To the somewhat loose term “nomadic” generally applied to these empires of Mongolia, no no undue importance should be given. For the sedentary Chinese the nomadic cattle-breeding way of life and the extensive use of light cavalry in war were the most striking features to be observed in the “Western Barbarians”, but it is erroneous to consider these peoples as necessarily and exclusively cattle-breeder nomads. Some of them were no more cattle-breeders than the British were “shop-keepers” at the beginning of the last century. Türk history gives us factual evidence to bear out this statement.
In the succession of the nomadic empires that of the Türk (or t'u-chüeh in Chinese transcription) can claim particular attention. It is the first among them for which we can establish with certitude the language of the ruling class. The famous inscriptions found near the river Orkhon, engraved to commemorate the deeds of some of their great men, are the earliest extant documents of a Turkish language. The people itself is the first known to be called “türk”, a name still used to designate all those peoples who in our days speak a language derived from or closely connected with that of the inscriptions.
Some features of Türk history are just as important as the lingusitic aspect just mentioned; to outline them is the aim of the present paper.
The Türk first appear towards the middle of the VIth Century A.D., as subjects of the Juan-juan. The Chinese sources state clearly that they were the “blacksmith-slaves” of the ruling Juan-juan and circumstantial evidence tends to corroborate this assertion. Some of the ceremonies known to have been performed by Türk rulers show definite Byzantine connexions with mettalurgy, and small details – like the meeting of the Byzantine ambassador Zemarkhos with Türk offering iron for sale – complete the picture. Chinese references to “the caves of the Türk” constitute further proof that the bulk of the Türk people must have been devoted to mining and metallurgy.

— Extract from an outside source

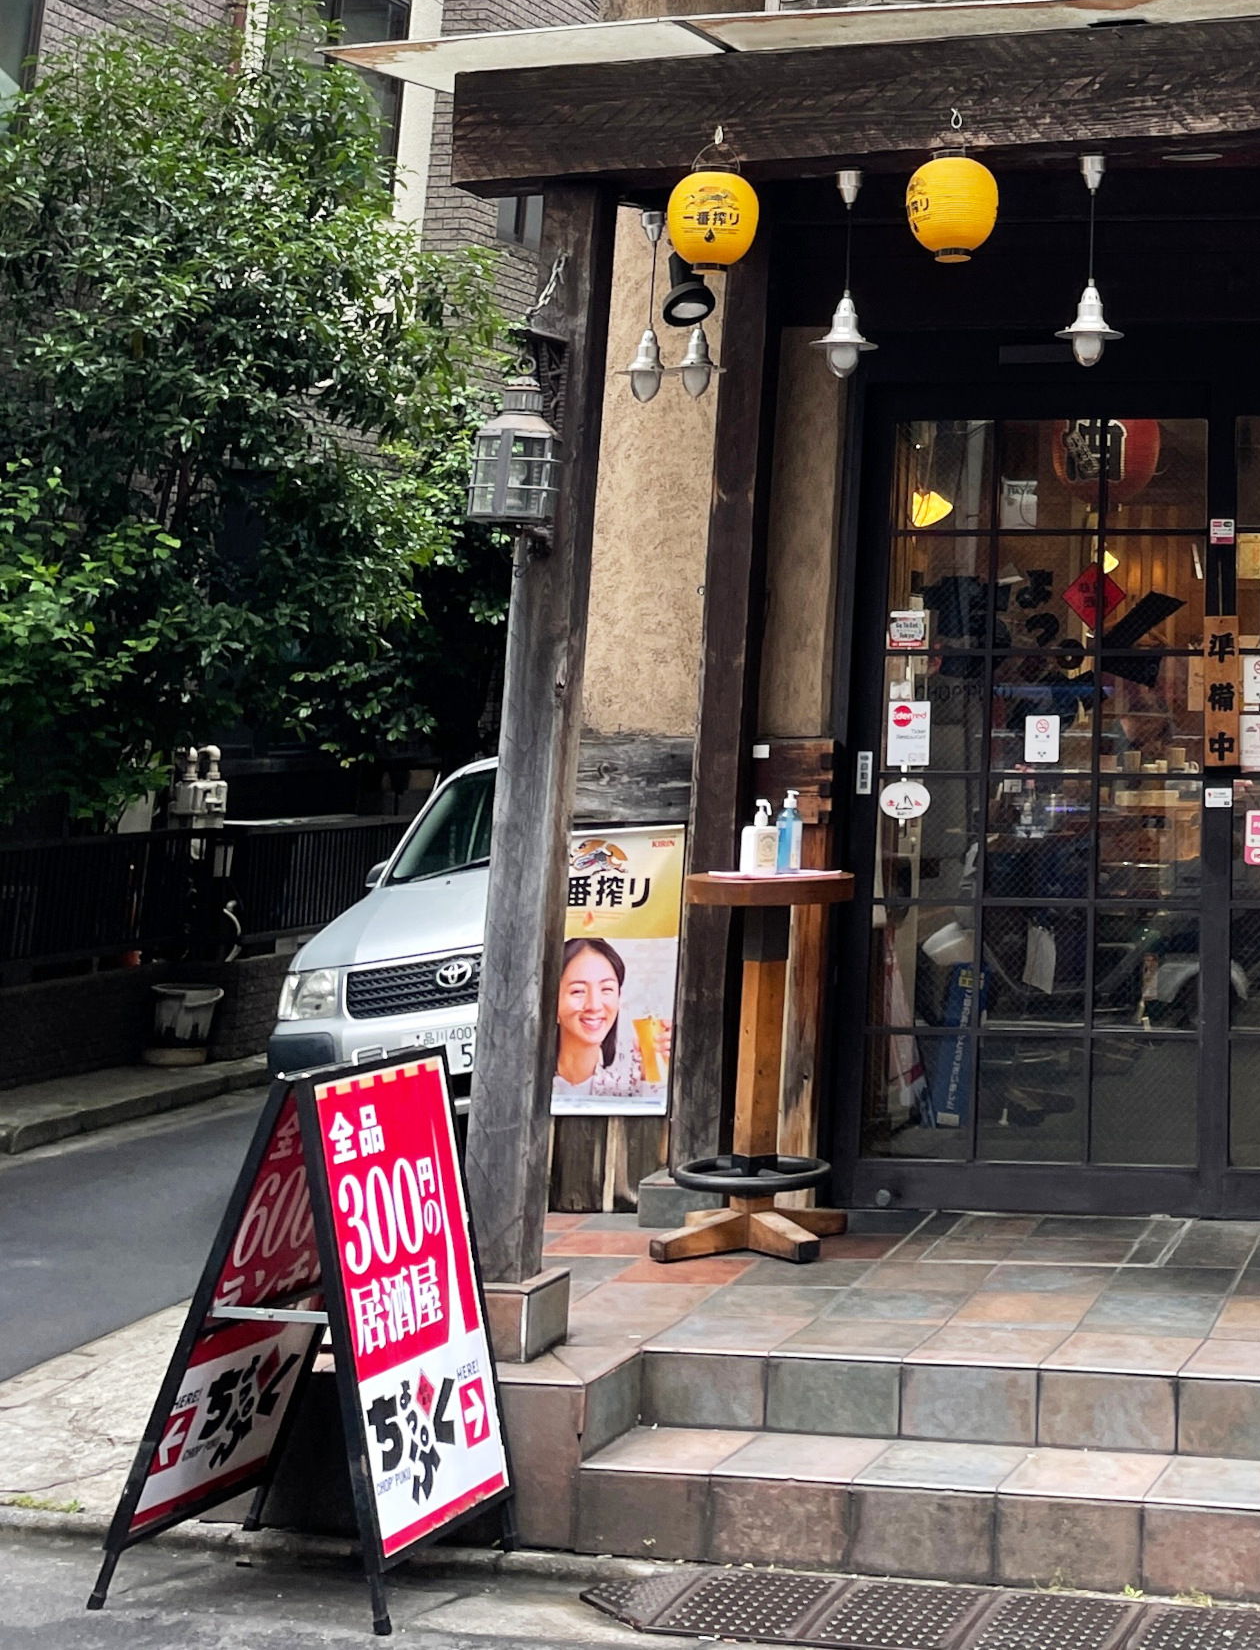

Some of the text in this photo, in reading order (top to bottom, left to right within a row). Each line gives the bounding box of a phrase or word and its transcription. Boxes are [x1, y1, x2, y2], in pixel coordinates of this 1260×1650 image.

In 546 the Türk chief Bumin asked for the hand of a Juan-juan princess, but his proposal was haughtily rejected by the king: “You are our blacksmith-slaves, how do you dare to use such language!?”. The refusal led to a revolt of the Türk which, in 552 ended with the com-
p.429
plete defeat of the Juan-juan and the suicide of their ruler. It is difficult to establish the factors that had contributed to the strengthening of the Türk under Juan-juan rule. The proposal of Bumin shows clearly that he sought recognition of a new balance of power within the framework of the existing state. The refusal of what he certainly thought to be a legitimate demand made him take steps that ultimately caused the fall of the ruling people and its replacement by the Türk.
The shifting of power from the Juan-juan to the Türk is a good example to demonstrate that the destructive forces set to work were within the framework of the state, which succumbed not under external pressure but owing to internal dissension . One cannot help thinking, having in mind the above-quoted refusal of the Juan-juan ruler, that the revolt of the Türk was to some extent a social upheaval. In fact it amounted to the seizing of the power by a hitherto despised class of society. Lack of evidence prevents us from deciding whether the social opposition between the ruling class and the miner-metallurgists was parallelled by an ethnic or linguistic distinction. To put it in more striking terms: we cannot decide whether the Juan-juan metallurgists came to form the Türk people, or whether the Türk people, linguistically or ethnically distinct from its rulers was, as a whole, used by them as a miner-metallurgist class. At any rate, it is fortunate that in the case of Türk history we have one of the rare instances where textual evidence permits us to enter a field that usually belongs to phantasy.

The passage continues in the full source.